Researchers believe that the moon is the ideal place to store samples of each of the 6.7 million terrestrial species.
A team of researchers is proposing to create a “Noah’s Ark” on the moon, which will store millions of samples of seeds, spores, sperm and eggs as reported by New Atlas.
Extinctions are happening on Earth at such an alarming rate that some scientists are suggesting that humanity is approaching the sixth mass extinction on Earth. Since human activities are the main cause of extinction, humans must try to prevent it.
One way is to collect and store specimens of the species in doomsday-proof repositories such as the Global Seed Vault in Svalbard. Located in the Arctic, this seed bank is home to nearly a million samples of important food crops from around the world that must be preserved in case of disaster. So-called “frozen zoos” perform a similar function for animals, storing their sperm, eggs, embryos, DNA or tissue samples.
The problem with such repositories is that they may not be as reliable as we would like. In 2016, water from melting permafrost seeped into a seed storage facility in Svalbard, demonstrating its vulnerability to the effects of climate change. Unfortunately, over time, there will be very few truly safe places on Earth.

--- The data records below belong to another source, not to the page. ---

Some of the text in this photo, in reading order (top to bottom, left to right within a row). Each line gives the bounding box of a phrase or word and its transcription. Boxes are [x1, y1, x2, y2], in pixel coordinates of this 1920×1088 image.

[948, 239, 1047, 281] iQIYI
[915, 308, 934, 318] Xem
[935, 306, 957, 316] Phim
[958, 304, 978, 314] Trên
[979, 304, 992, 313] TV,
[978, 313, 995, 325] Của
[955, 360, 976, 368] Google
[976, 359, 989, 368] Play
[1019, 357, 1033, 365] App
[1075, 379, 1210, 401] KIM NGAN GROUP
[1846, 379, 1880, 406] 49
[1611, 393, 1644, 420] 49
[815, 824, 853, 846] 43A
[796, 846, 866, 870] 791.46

Following this logic, the safest place to place storage facilities is outside of Earth. This is the new idea for a lunar ark that was put forward by researchers at the University of Arizona.

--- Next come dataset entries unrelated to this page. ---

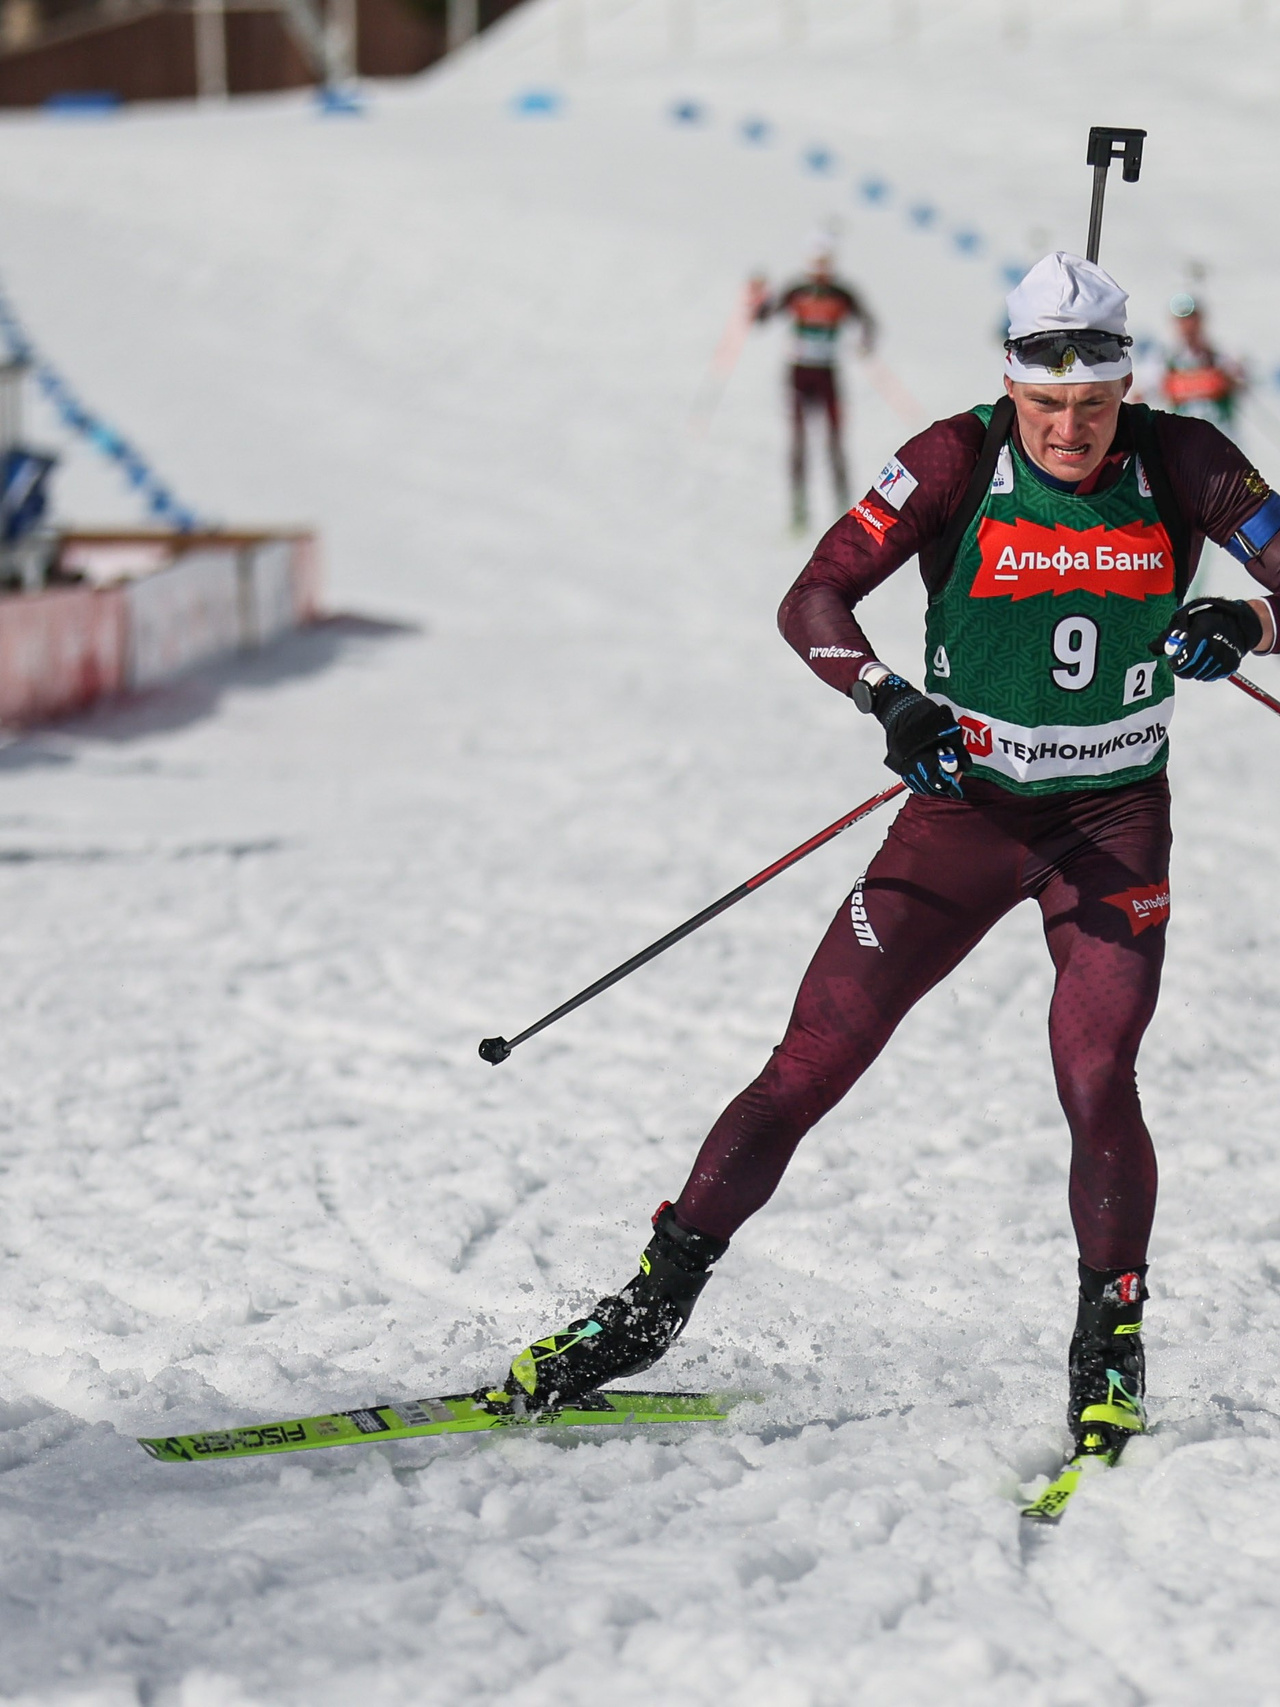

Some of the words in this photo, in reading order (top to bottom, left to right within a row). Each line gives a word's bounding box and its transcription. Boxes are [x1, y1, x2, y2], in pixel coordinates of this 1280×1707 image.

[995, 545, 1090, 577] Альфа
[1096, 546, 1164, 571] Банк
[933, 645, 951, 678] 9
[1051, 614, 1099, 691] 9
[1132, 669, 1147, 698] 2
[998, 722, 1167, 764] ТЕХНОНИКОЛЬ
[189, 1422, 307, 1454] FISCHER

In many ways, the Moon is an ideal place for this kind of object because it is very cold there. The moon is tectonically stable, with no weather or water to threaten the repository. Also, there are no animals and people on the moon that could disturb the storage facilities.

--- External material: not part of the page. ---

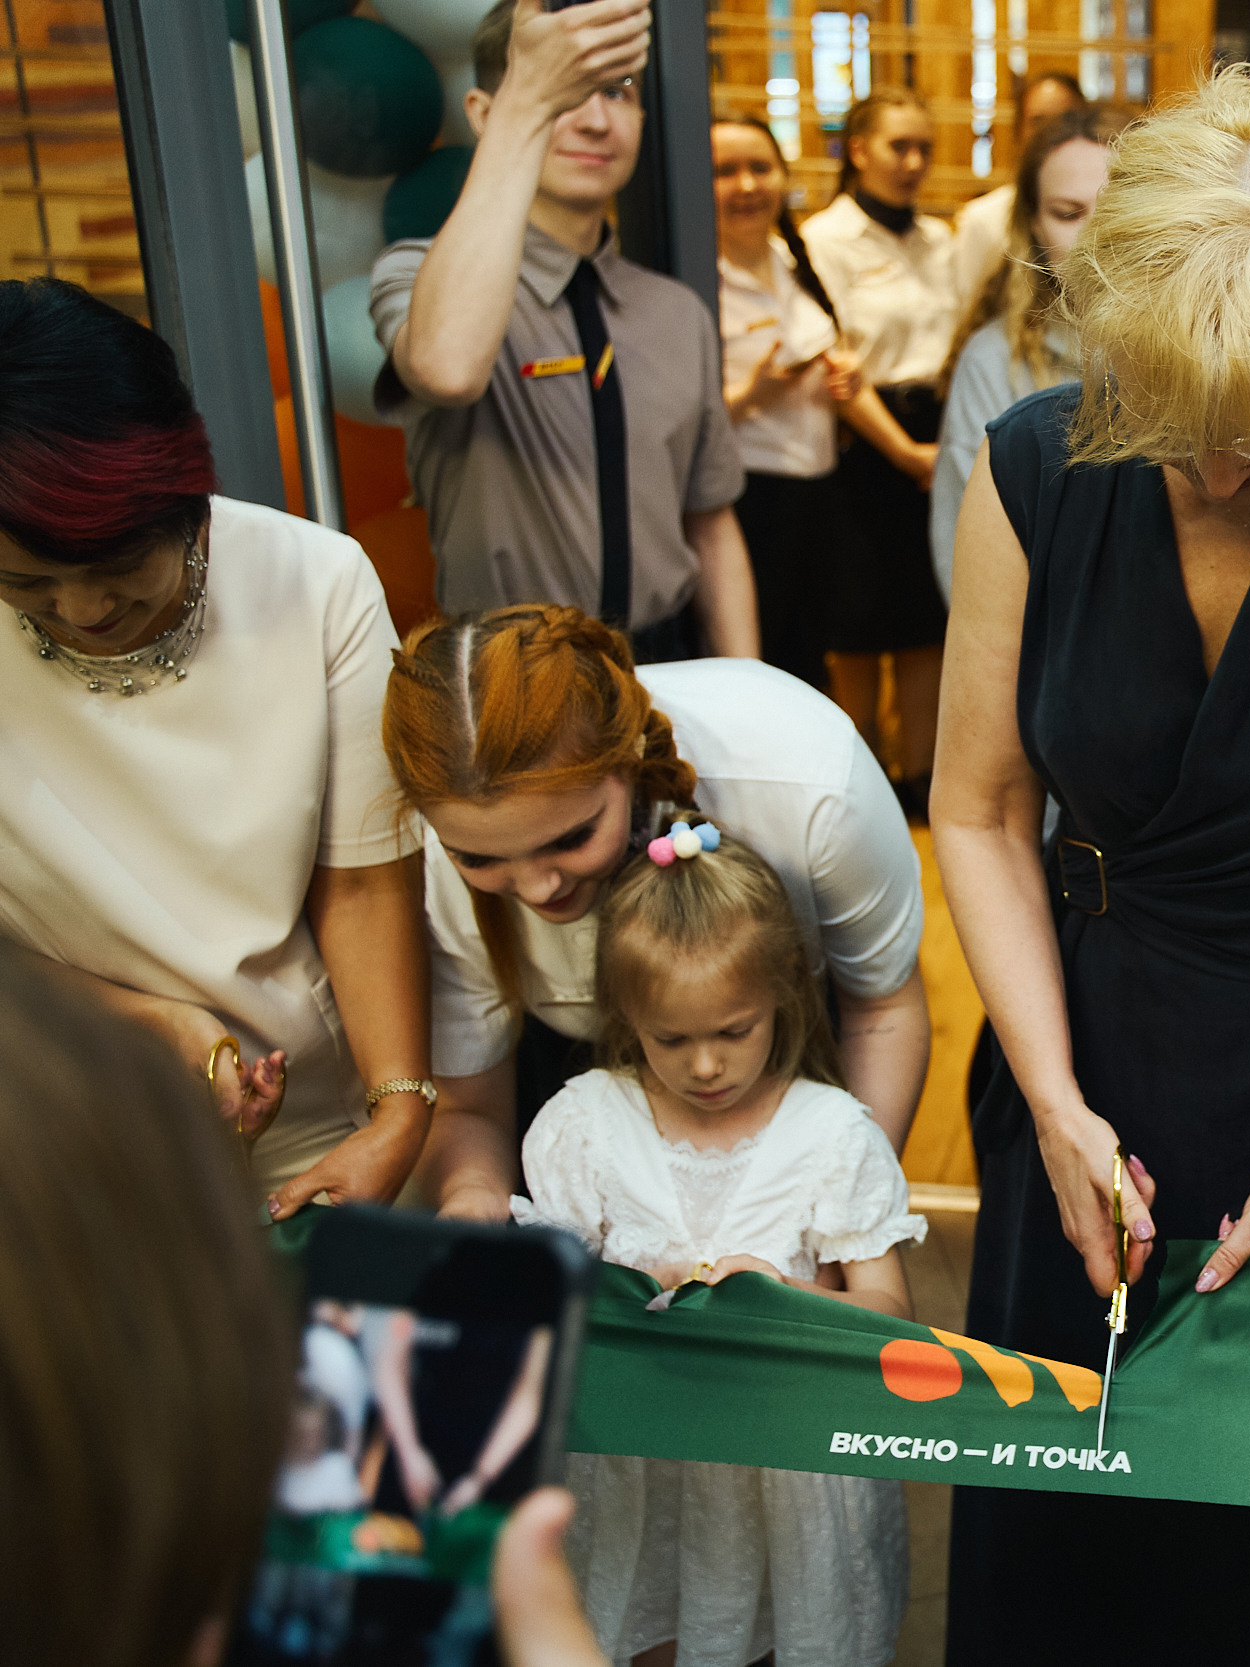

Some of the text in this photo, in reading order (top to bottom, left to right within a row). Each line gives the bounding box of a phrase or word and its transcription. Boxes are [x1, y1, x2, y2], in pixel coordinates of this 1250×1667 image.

[829, 1431, 958, 1463] ВКУСНО
[991, 1443, 1016, 1466] И
[1024, 1445, 1132, 1474] ТОЧКА

The team believes the lunar ark could be built inside lava tubes that were recently discovered just below the lunar surface. Elevator shafts can go down into the room, where samples will be stored in cryogenic storage units, cooling seeds to -180 ° C and animal cages to -196 ° C. The entire system can be powered by solar panels on the surface.
One of the biggest hurdles to building storage on the moon is shipping. When launching rockets, weight is of the essence, and a project of this magnitude involves the delivery of huge loads. Scientists argue that the task is still doable.
Researchers estimate that it will take about 250 launches to transport 50 samples of each of the 6.7 million species on Earth.